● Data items
* * * * * * * * *

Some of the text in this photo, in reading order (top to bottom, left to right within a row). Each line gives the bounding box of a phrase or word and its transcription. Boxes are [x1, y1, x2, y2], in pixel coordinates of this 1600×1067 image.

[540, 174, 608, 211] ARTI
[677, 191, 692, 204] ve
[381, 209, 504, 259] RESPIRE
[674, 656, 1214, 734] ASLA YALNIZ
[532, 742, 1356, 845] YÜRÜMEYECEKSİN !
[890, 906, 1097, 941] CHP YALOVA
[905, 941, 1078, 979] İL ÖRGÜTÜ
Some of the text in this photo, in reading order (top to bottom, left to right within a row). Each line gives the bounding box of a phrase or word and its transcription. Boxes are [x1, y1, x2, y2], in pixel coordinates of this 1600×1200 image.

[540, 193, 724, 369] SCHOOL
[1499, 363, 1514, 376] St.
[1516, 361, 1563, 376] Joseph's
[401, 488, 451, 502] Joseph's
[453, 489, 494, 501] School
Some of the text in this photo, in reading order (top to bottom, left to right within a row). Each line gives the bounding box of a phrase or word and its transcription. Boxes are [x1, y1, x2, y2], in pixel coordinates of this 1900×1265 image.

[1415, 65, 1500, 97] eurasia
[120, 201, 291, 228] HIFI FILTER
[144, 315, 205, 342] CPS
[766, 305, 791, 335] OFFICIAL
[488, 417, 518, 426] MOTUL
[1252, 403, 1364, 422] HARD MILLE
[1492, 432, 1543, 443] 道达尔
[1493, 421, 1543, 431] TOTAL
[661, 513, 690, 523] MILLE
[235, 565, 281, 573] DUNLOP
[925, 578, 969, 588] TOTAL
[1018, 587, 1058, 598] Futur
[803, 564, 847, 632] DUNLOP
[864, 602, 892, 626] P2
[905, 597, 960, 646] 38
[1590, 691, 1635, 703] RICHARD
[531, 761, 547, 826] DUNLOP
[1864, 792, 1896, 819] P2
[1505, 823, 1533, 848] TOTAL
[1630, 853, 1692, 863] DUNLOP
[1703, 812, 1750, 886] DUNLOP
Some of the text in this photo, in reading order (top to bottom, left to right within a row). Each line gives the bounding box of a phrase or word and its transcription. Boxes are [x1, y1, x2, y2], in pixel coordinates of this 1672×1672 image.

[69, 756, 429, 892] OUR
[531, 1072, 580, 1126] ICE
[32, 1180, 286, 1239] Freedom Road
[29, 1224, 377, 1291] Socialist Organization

* * * * * * * * *

● Problem to work on
Copying begins at the line that holds "this 1600×1200 image." and ends at the last line of the data above, with both included and each line kept exactly.

● Output for this task
Some of the text in this photo, in reading order (top to bottom, left to right within a row). Each line gives the bounding box of a phrase or word and its transcription. Boxes are [x1, y1, x2, y2], in pixel coordinates of this 1600×1200 image.

[540, 193, 724, 369] SCHOOL
[1499, 363, 1514, 376] St.
[1516, 361, 1563, 376] Joseph's
[401, 488, 451, 502] Joseph's
[453, 489, 494, 501] School
Some of the text in this photo, in reading order (top to bottom, left to right within a row). Each line gives the bounding box of a phrase or word and its transcription. Boxes are [x1, y1, x2, y2], in pixel coordinates of this 1900×1265 image.

[1415, 65, 1500, 97] eurasia
[120, 201, 291, 228] HIFI FILTER
[144, 315, 205, 342] CPS
[766, 305, 791, 335] OFFICIAL
[488, 417, 518, 426] MOTUL
[1252, 403, 1364, 422] HARD MILLE
[1492, 432, 1543, 443] 道达尔
[1493, 421, 1543, 431] TOTAL
[661, 513, 690, 523] MILLE
[235, 565, 281, 573] DUNLOP
[925, 578, 969, 588] TOTAL
[1018, 587, 1058, 598] Futur
[803, 564, 847, 632] DUNLOP
[864, 602, 892, 626] P2
[905, 597, 960, 646] 38
[1590, 691, 1635, 703] RICHARD
[531, 761, 547, 826] DUNLOP
[1864, 792, 1896, 819] P2
[1505, 823, 1533, 848] TOTAL
[1630, 853, 1692, 863] DUNLOP
[1703, 812, 1750, 886] DUNLOP
Some of the text in this photo, in reading order (top to bottom, left to right within a row). Each line gives the bounding box of a phrase or word and its transcription. Boxes are [x1, y1, x2, y2], in pixel coordinates of this 1672×1672 image.

[69, 756, 429, 892] OUR
[531, 1072, 580, 1126] ICE
[32, 1180, 286, 1239] Freedom Road
[29, 1224, 377, 1291] Socialist Organization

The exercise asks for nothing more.